At the age of 67, Lloyd suffered a cerebral hemorrhage at home and died on Sept. 14, 1953. His body was not found for a week. Burial was in Hill Grove Cemetery.

Four years later, the Wildeys' old carriage/wagon shop and residence, on East Apple Street between Carnegie Avenue and Prospect Street, was torn down. The site then was paved to provide parking for members of the Immaculate Conception Catholic Church. Reported the Connellsville Daily Courier, "When not needed for parking the lot also provides a playground area for students of Immaculate Conception School."

Son Lloyd Wildey Jr.


~ Son Theodore H. Wildey ~

Son Theodore H. Wildey (1893- ? ) was born in 1893.

When he was about 20 years of age in 1913, he was badly injured in Clarksburg, WV when "crushed between an express truck and a freight train," said the Connellsville Daily Courier.

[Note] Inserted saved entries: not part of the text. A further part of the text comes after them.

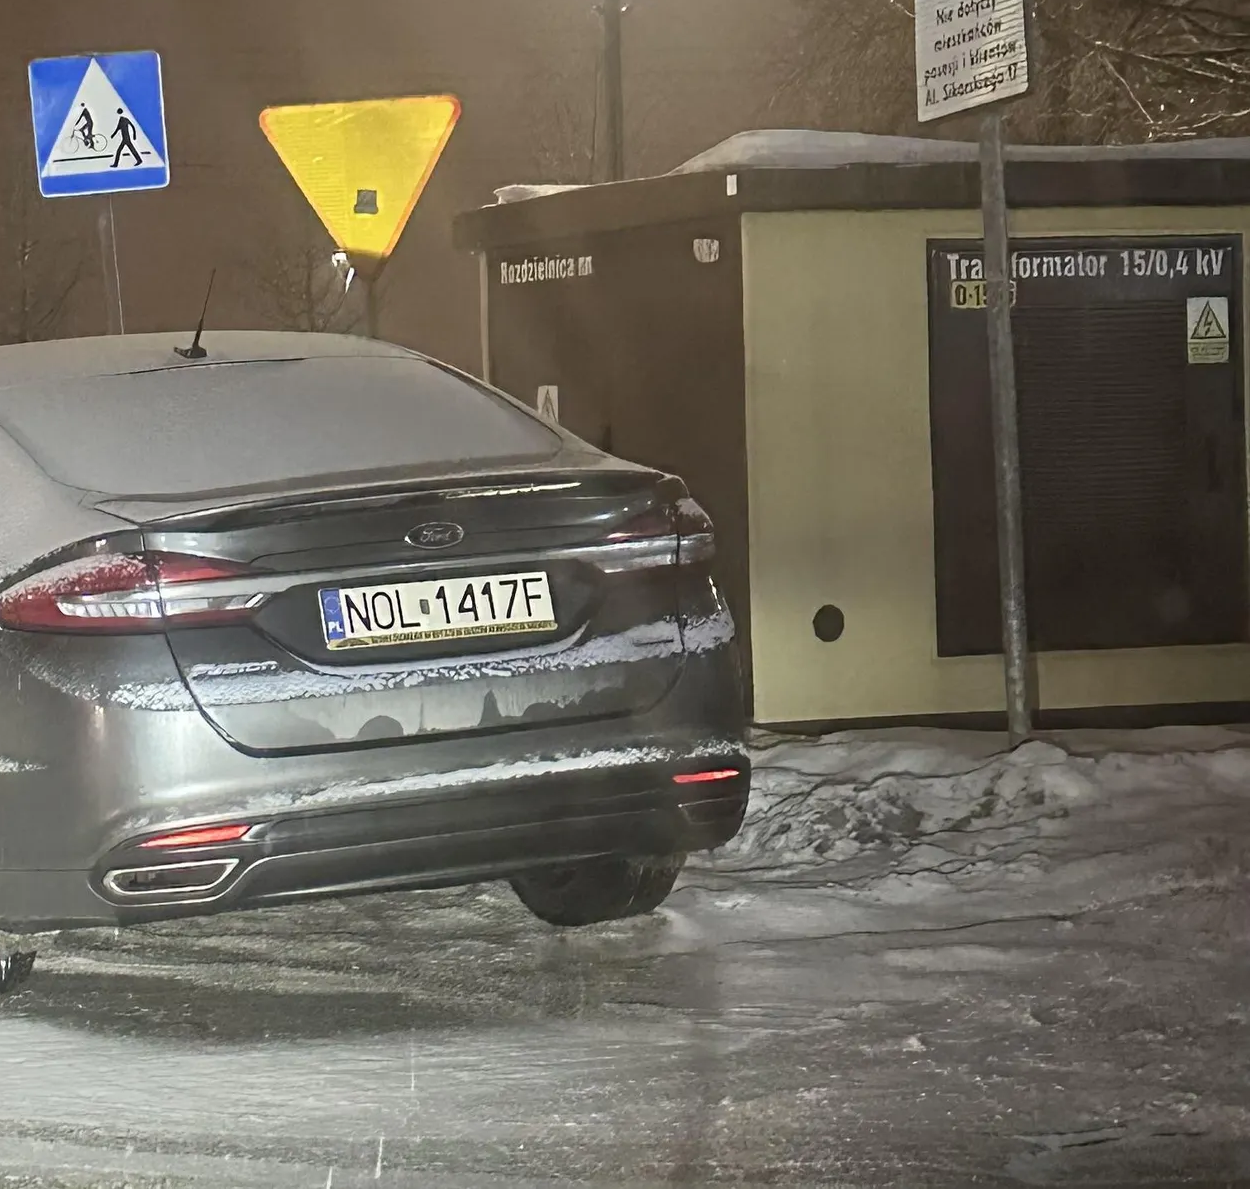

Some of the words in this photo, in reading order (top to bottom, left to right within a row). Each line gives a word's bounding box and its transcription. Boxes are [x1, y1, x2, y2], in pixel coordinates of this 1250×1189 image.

[936, 8, 953, 25] Nie
[500, 254, 575, 284] Rozdzielnica
[946, 250, 1108, 281] Traformator
[1120, 249, 1188, 279] 15/0,4
[1196, 247, 1224, 276] kV
[344, 589, 421, 634] NOL
[435, 577, 543, 624] 1417F
[327, 620, 344, 633] PL

Fortunately, he recovered.

In about 1914, he was joined in the bonds of wedlock with Antoinette Hefft ( ? - ? ) of Scottdale, Westmoreland County. News of the marriage license, obtained in Pittsburgh, was published in the Pittsburgh Press and Uniontown Morning Herald.

The couple made their home in Scottdale.

Together, they produced two known sons, James E. Wildey and Theodore George Wildey.

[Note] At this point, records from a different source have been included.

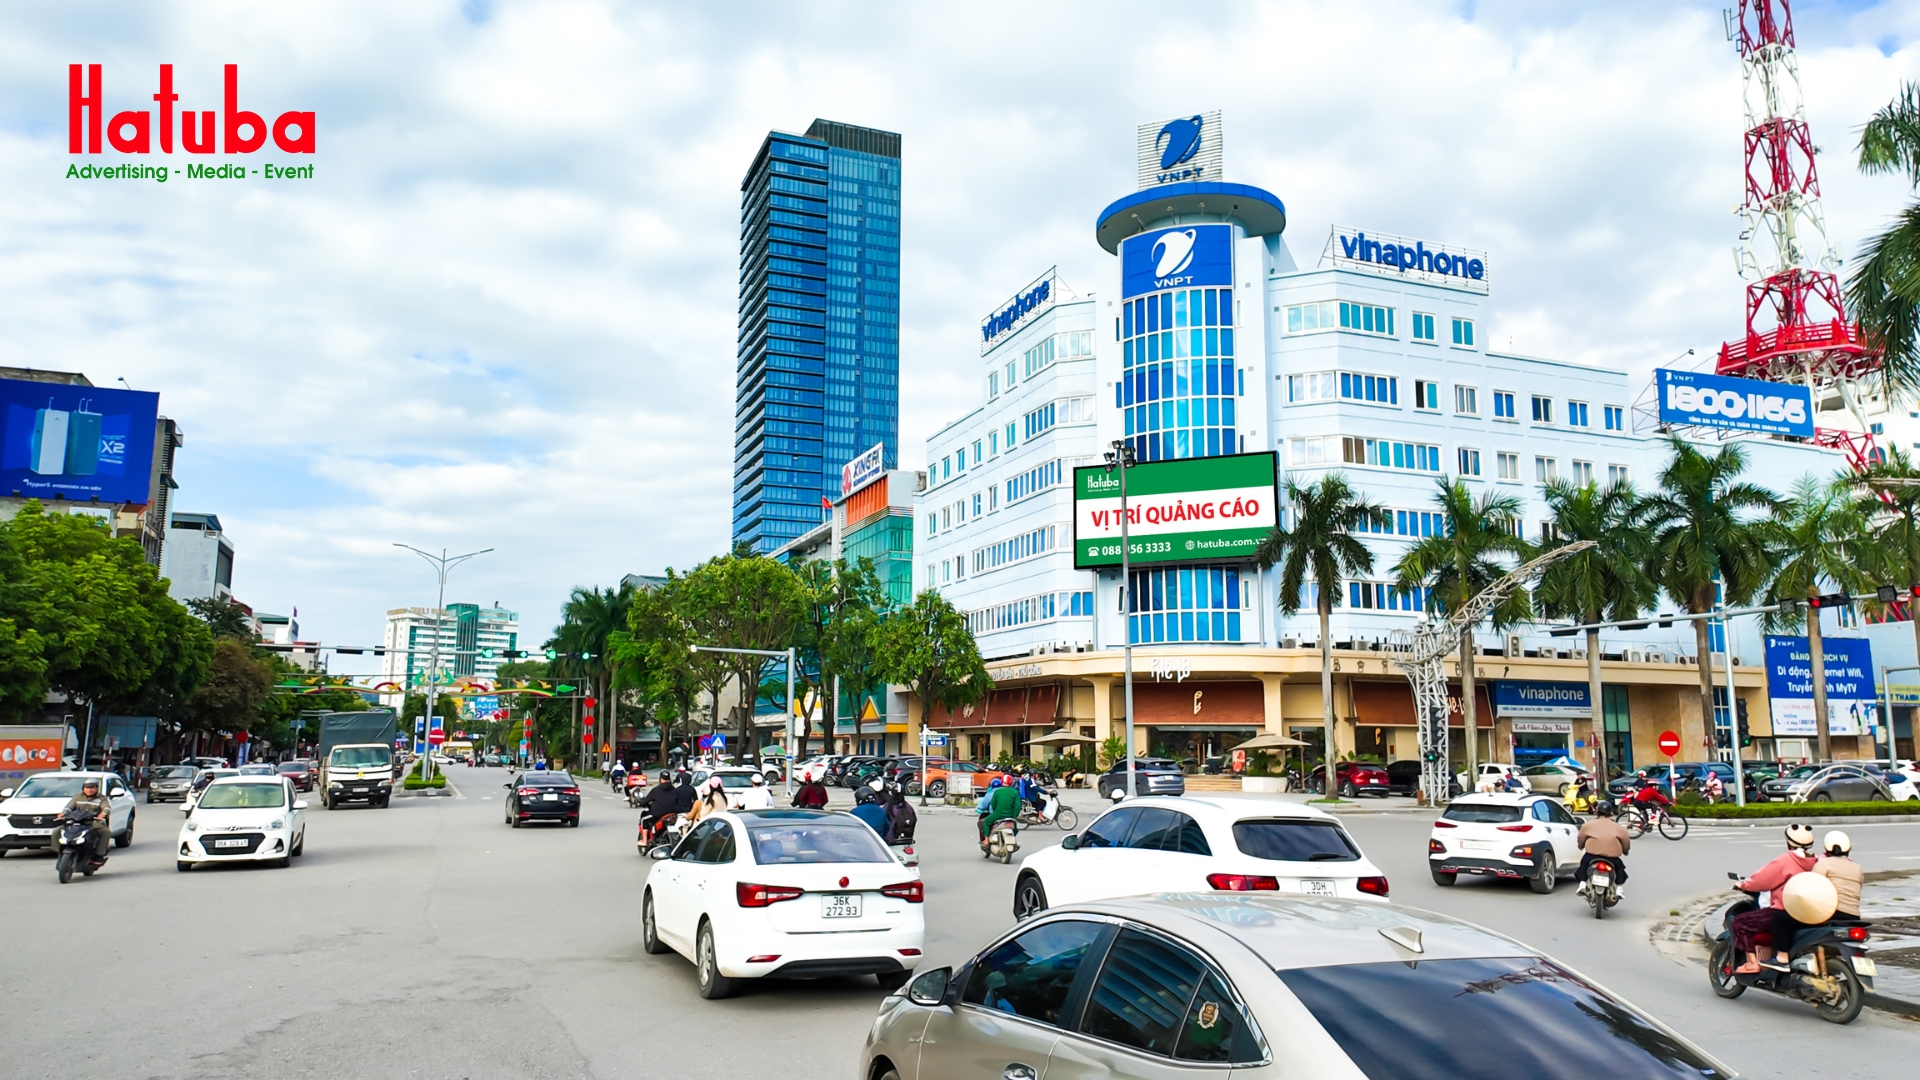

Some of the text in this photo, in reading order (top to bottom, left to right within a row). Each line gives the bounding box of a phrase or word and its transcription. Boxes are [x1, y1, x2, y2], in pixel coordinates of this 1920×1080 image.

[1157, 167, 1204, 183] VNPT
[1340, 232, 1485, 280] vinaphone
[1154, 276, 1194, 288] VNPT
[981, 280, 1050, 342] vinaphone
[1674, 374, 1694, 382] VNPT
[101, 440, 125, 454] X2
[1087, 474, 1119, 488] Hatuba
[1091, 496, 1260, 531] VỊ TRÍ QUẢNG CÁO
[1145, 542, 1171, 552] 3333
[1777, 666, 1786, 675] Di
[1518, 685, 1584, 702] vinaphone
[1311, 881, 1326, 890] 30H
[833, 896, 850, 905] 36K

In mid-August 1956, while watching the annual parade of the Western Pennsylvania Fireman's Association in Connellsville in 90-degree heat, Theodoe suffered a heart attack and was hospitalized.

Son Theodore George Wildey (1914-1961) was born on Nov. 15, 1914 in East Scottdale, Fayette County. He married Thelma K. ( ? - ? ) and lived at Box 209 in rural Scottdale. To earn a living, Theodore labored at the Melter Steel Works. He suffered from pulmonary emphysema for five years and finally succumbed at the age of 46 on Feb. 18, 1961, while a patient at Frick Community Hospital in Mount Pleasant. His remains were lowered into the earth in Green Ridge Cemetery north of Connellsville.

Son James E. Wildey (1920- ? ) was born in about 1920. He married Marjorie Lain ( ? - ? ) of Willow Springs, IL. He joined the U.S. Army Air Forces on Nov. 1, 1939 and trained at Langley Field, VA and in Atlanta. Then in June 1944, he was stationed at the Overseas Replacement Depot in Kearns, UT.